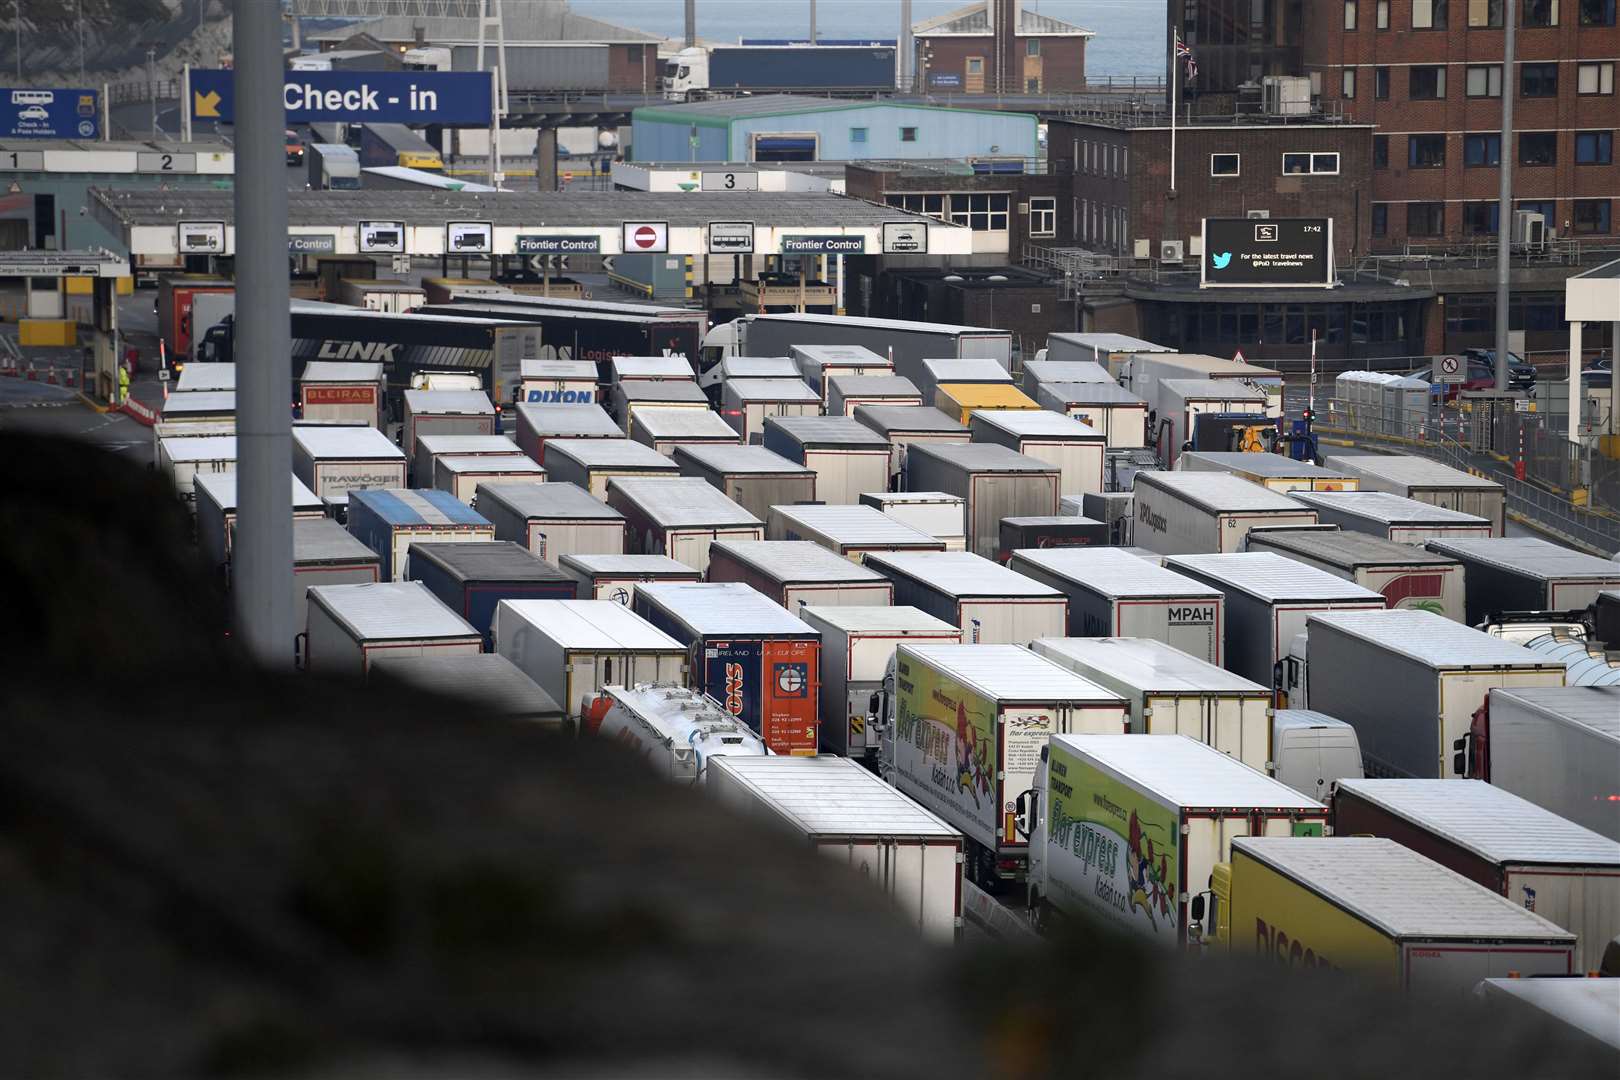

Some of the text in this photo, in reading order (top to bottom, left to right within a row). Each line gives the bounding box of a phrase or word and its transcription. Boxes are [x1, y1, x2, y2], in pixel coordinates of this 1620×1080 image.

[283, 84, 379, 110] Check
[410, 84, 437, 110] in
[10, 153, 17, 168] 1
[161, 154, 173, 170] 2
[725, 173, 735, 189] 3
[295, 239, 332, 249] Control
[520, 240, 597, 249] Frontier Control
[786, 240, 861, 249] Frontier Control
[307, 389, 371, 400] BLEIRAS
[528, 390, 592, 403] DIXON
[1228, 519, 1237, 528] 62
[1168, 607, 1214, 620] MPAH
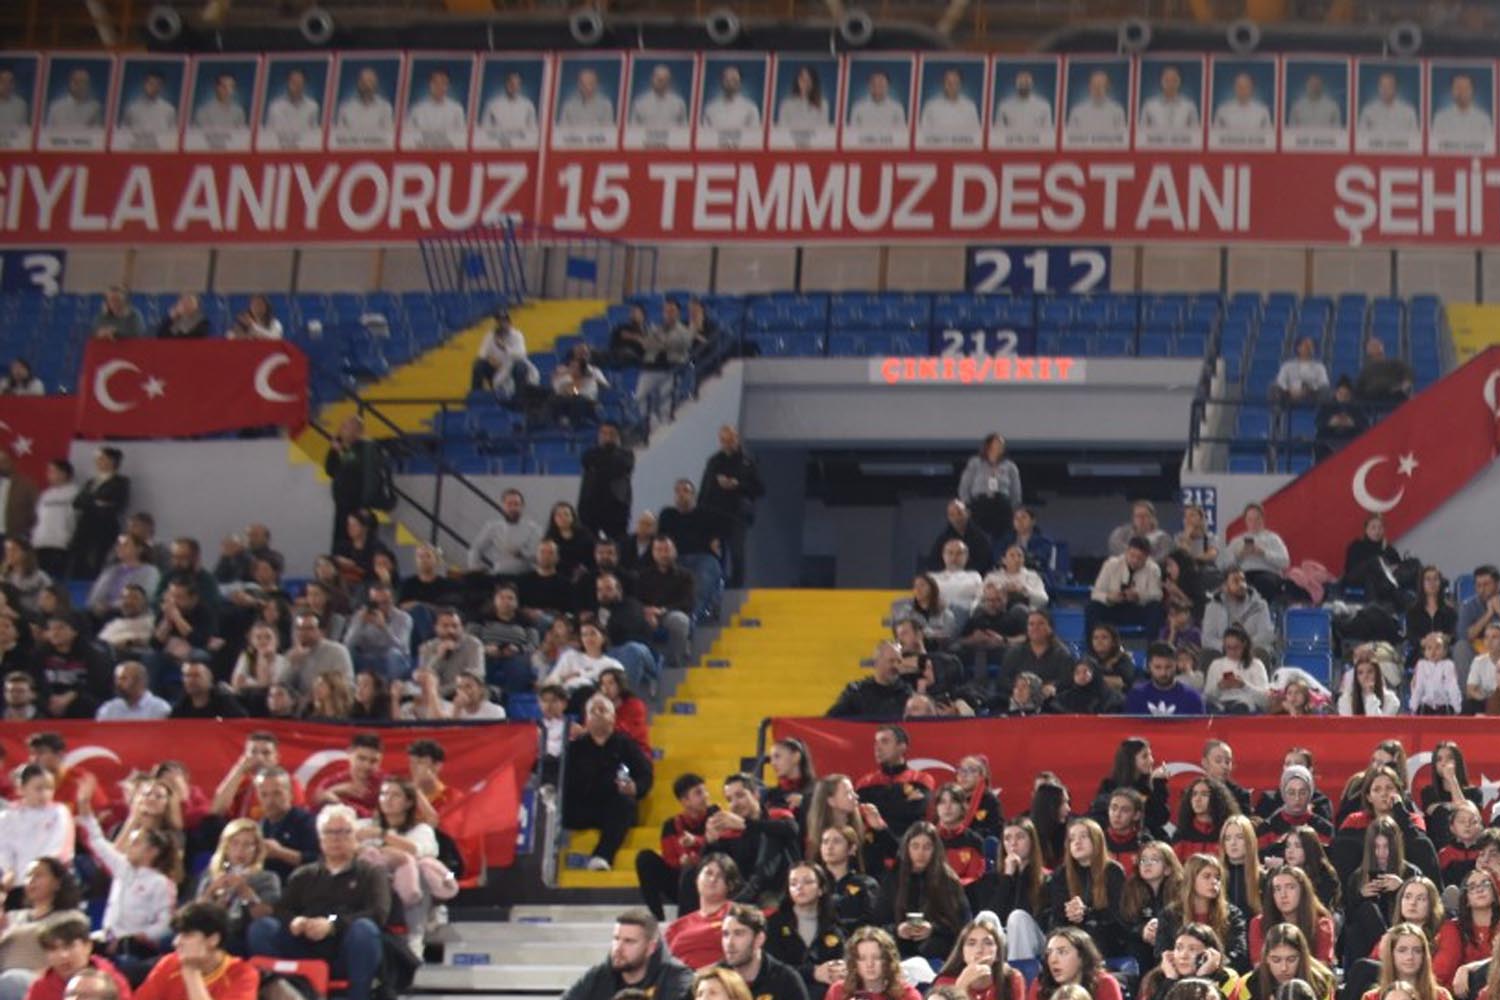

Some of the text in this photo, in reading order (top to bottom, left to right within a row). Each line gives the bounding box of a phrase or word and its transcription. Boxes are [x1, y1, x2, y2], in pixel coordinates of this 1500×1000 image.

■ ■ ■ ■

TASK PROMPT ▸
All of the records need repeating exactly, except for the pictures.

ANSWER TO THIS PROBLEM ▸
Some of the text in this photo, in reading order (top to bottom, left to right within a row). Each line gives the bounding box of a phrase or word and its transcription. Boxes are [x1, y1, x2, y2], in pixel coordinates of this 1620×1080 image.

[283, 84, 379, 110] Check
[410, 84, 437, 110] in
[10, 153, 17, 168] 1
[161, 154, 173, 170] 2
[725, 173, 735, 189] 3
[295, 239, 332, 249] Control
[520, 240, 597, 249] Frontier Control
[786, 240, 861, 249] Frontier Control
[307, 389, 371, 400] BLEIRAS
[528, 390, 592, 403] DIXON
[1228, 519, 1237, 528] 62
[1168, 607, 1214, 620] MPAH

Some of the text in this photo, in reading order (top to bottom, left to right within a row). Each line gives the bounding box of a phrase or word and its transcription. Boxes are [x1, y1, x2, y2], in pixel coordinates of this 1500×1000 image.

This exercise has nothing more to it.